== Segment start ==
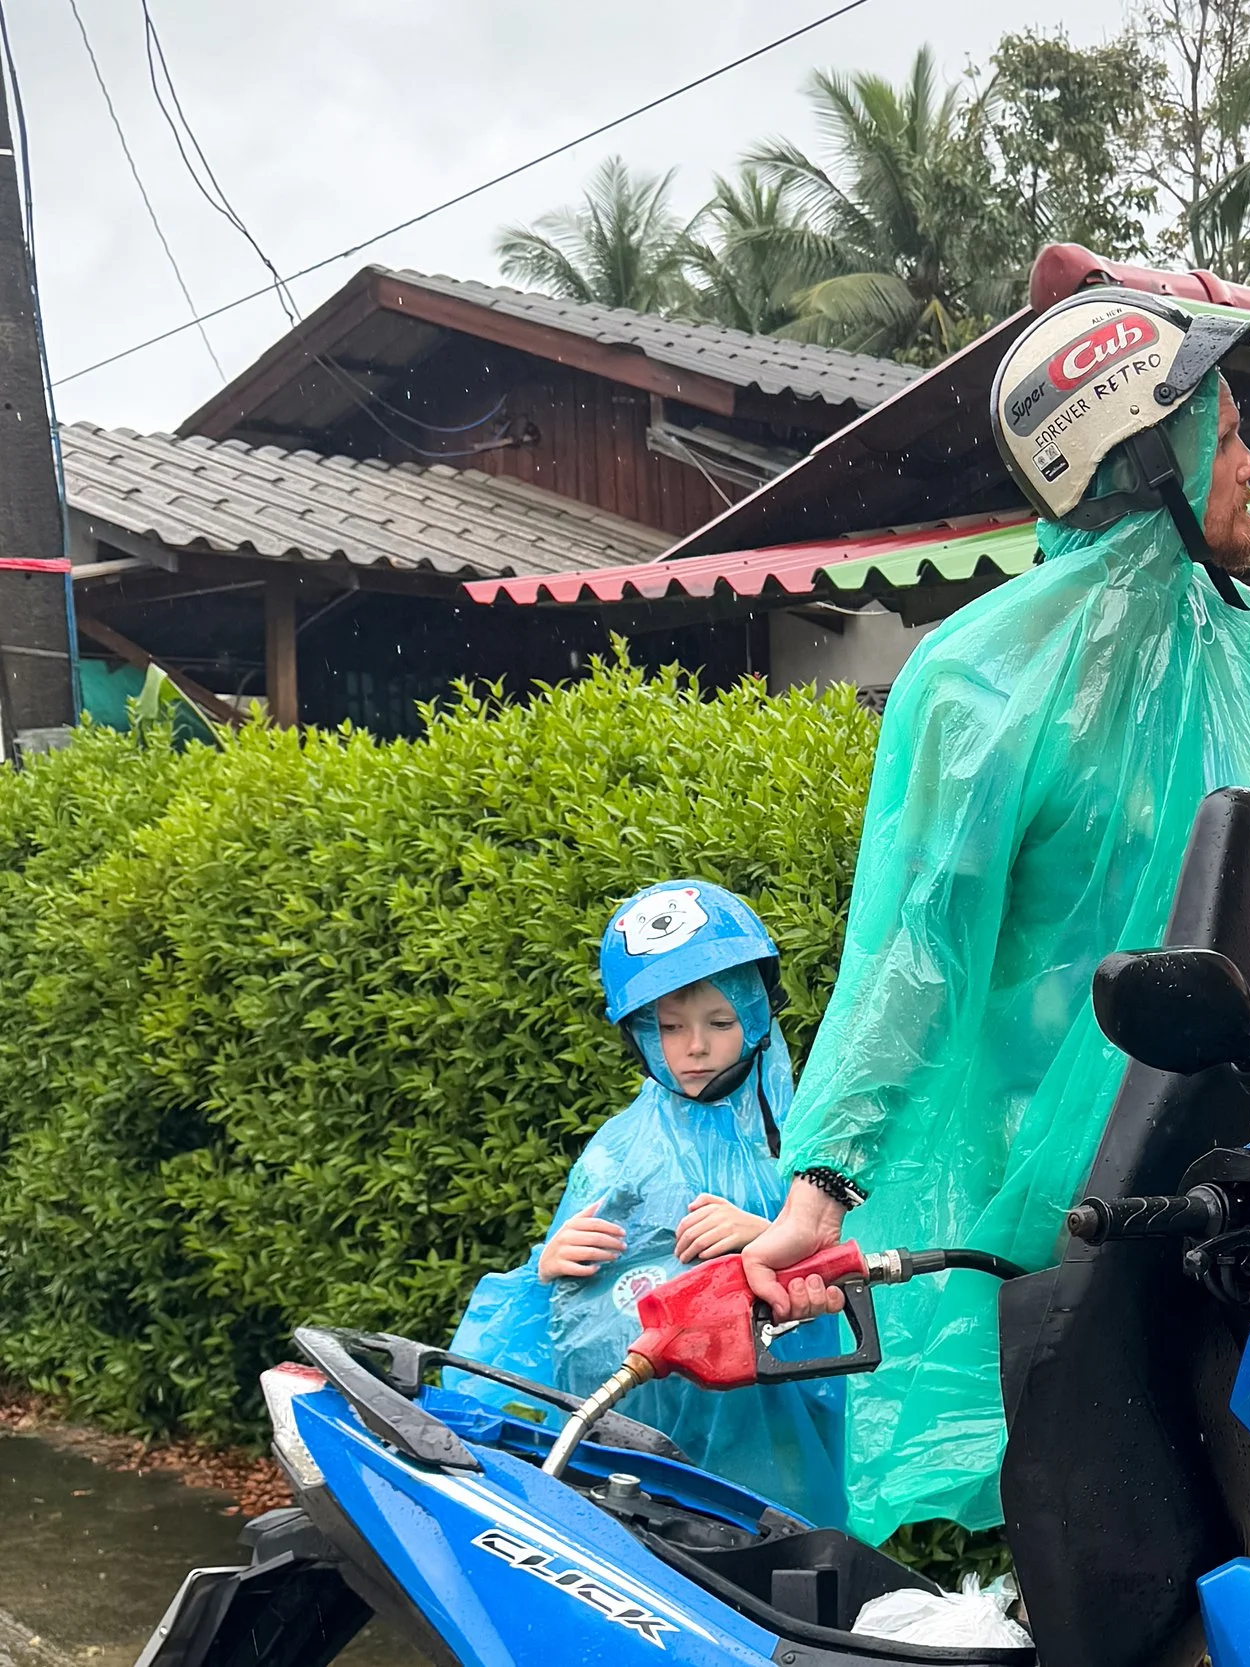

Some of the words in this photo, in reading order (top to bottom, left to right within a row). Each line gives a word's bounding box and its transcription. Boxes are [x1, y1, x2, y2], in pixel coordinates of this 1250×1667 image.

[1091, 315, 1105, 326] ALL
[1106, 307, 1123, 319] NEW
[1011, 379, 1047, 427] Super
[1062, 322, 1144, 380] Cub
[1034, 398, 1091, 448] FOREVER
[1093, 353, 1162, 400] RETRO
[474, 1530, 674, 1645] CLICK
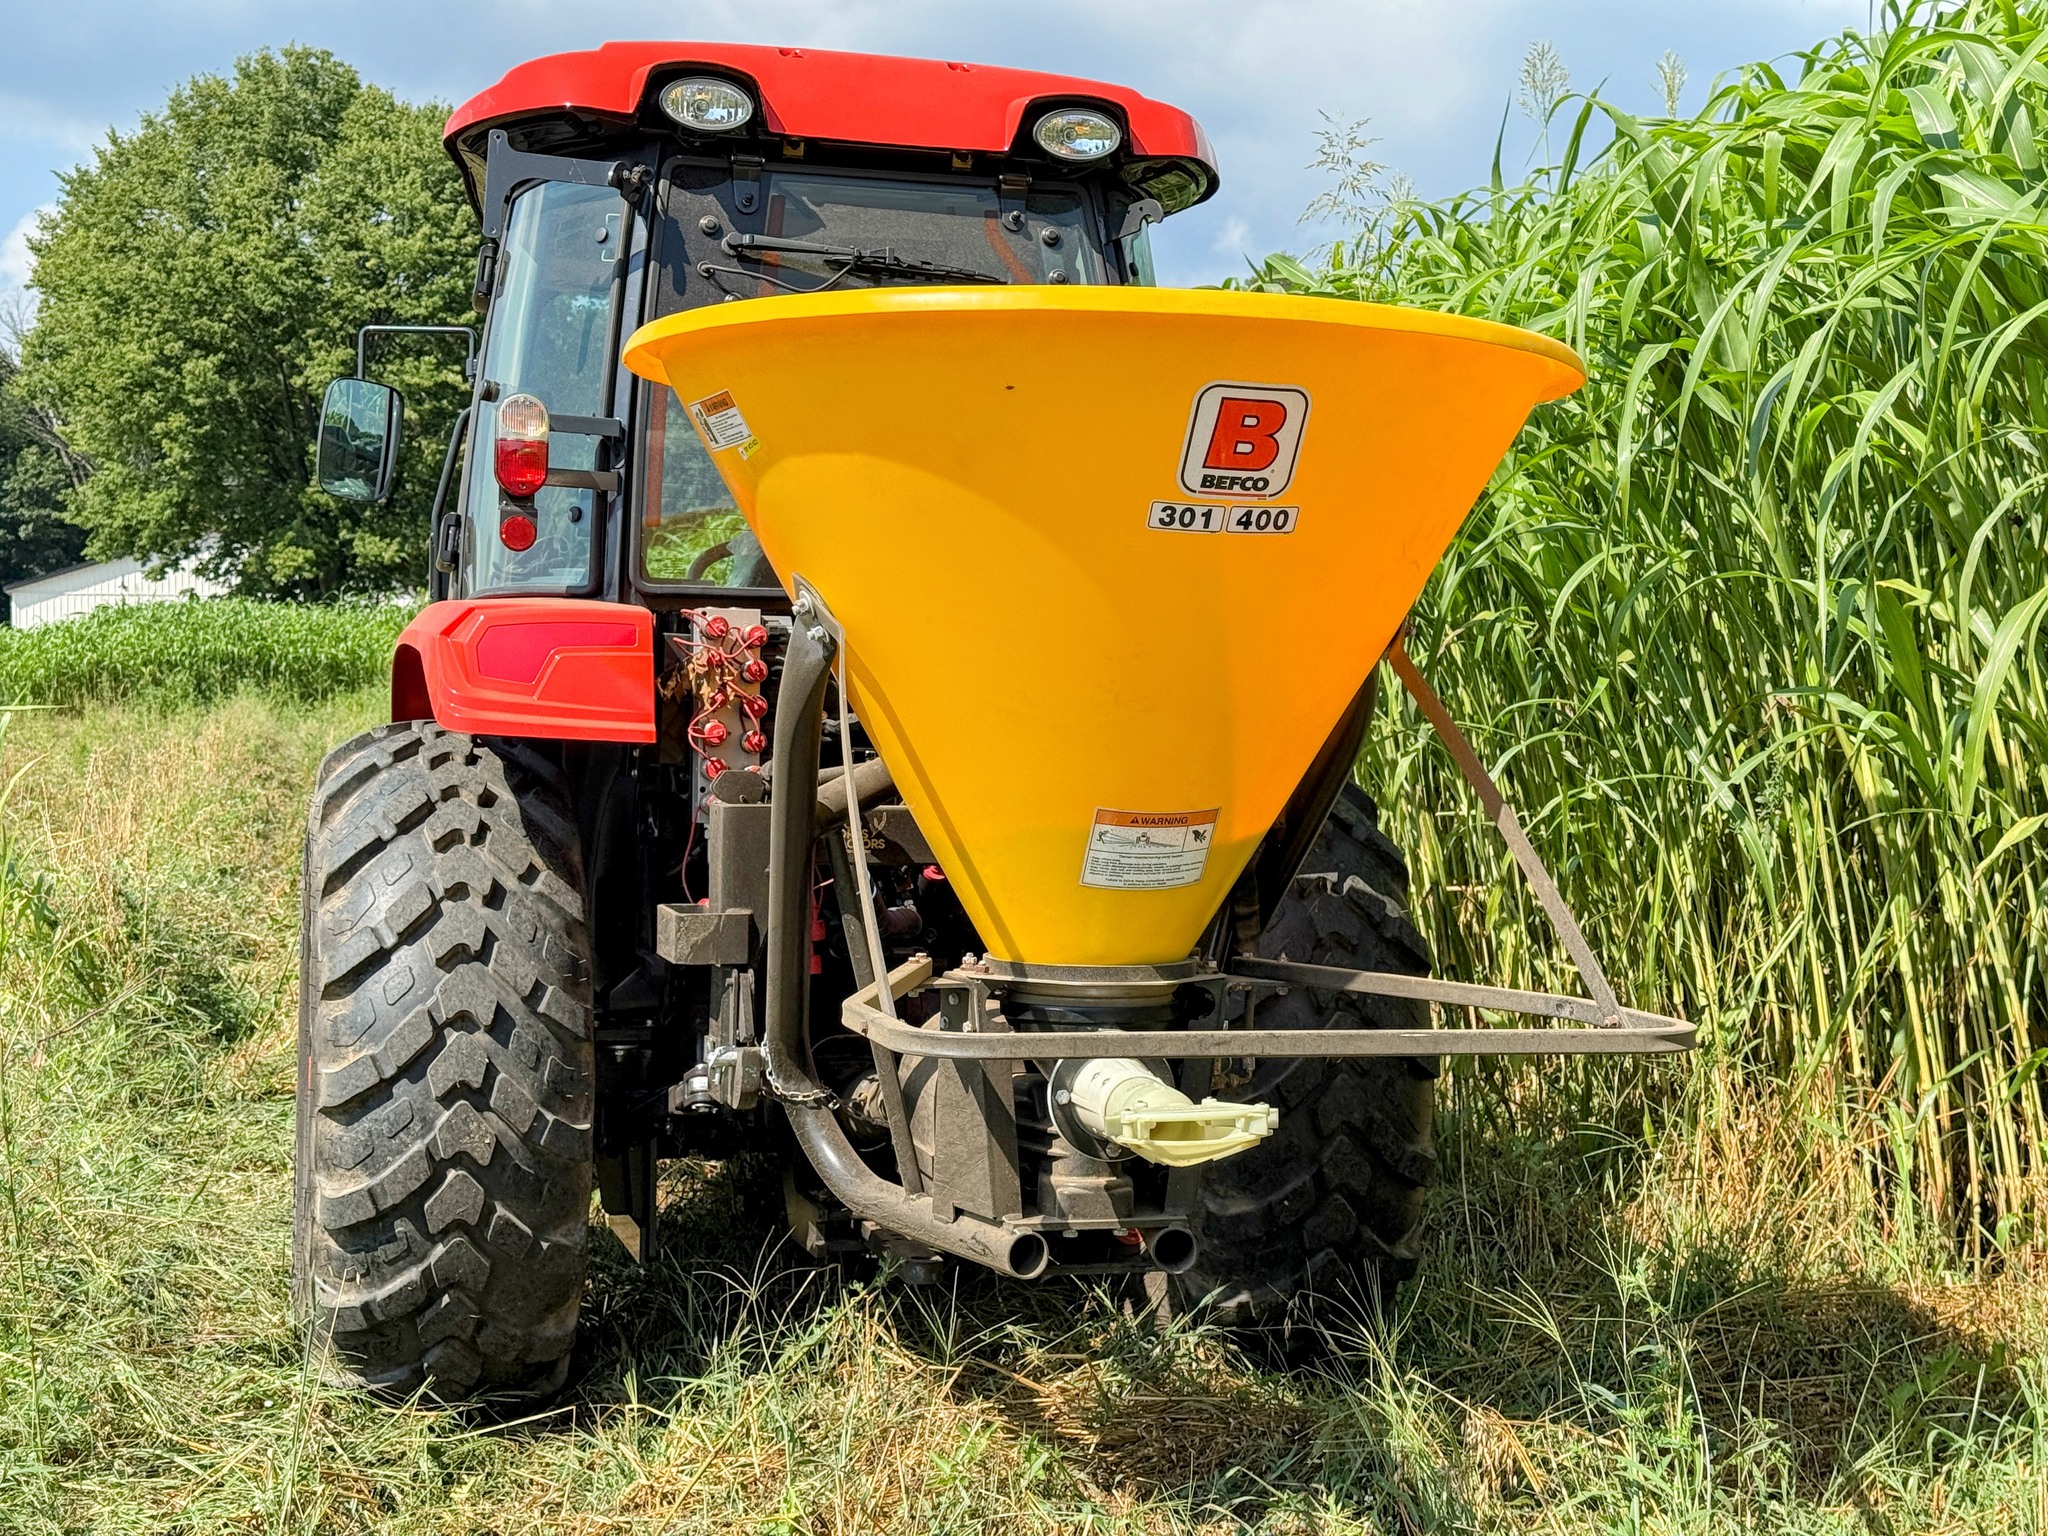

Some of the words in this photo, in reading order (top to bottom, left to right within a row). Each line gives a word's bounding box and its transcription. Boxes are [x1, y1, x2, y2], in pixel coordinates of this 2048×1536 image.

[1202, 396, 1288, 472] B
[1199, 473, 1270, 491] BEFCO
[1158, 505, 1213, 530] 301
[1235, 509, 1290, 531] 400
[1140, 816, 1189, 825] WARNING
== Segment end ==
Copy out the data verbatim, excluding the pictures.

● TASK RESPONSE:
Some of the words in this photo, in reading order (top to bottom, left to right within a row). Each line gives a word's bounding box and its transcription. Boxes are [x1, y1, x2, y2], in pixel coordinates of this 1250×1667 image.

[1091, 315, 1105, 326] ALL
[1106, 307, 1123, 319] NEW
[1011, 379, 1047, 427] Super
[1062, 322, 1144, 380] Cub
[1034, 398, 1091, 448] FOREVER
[1093, 353, 1162, 400] RETRO
[474, 1530, 674, 1645] CLICK

Some of the words in this photo, in reading order (top to bottom, left to right within a row). Each line gives a word's bounding box and its transcription. Boxes are [x1, y1, x2, y2], in pixel coordinates of this 2048×1536 image.

[1202, 396, 1288, 472] B
[1199, 473, 1270, 491] BEFCO
[1158, 505, 1213, 530] 301
[1235, 509, 1290, 531] 400
[1140, 816, 1189, 825] WARNING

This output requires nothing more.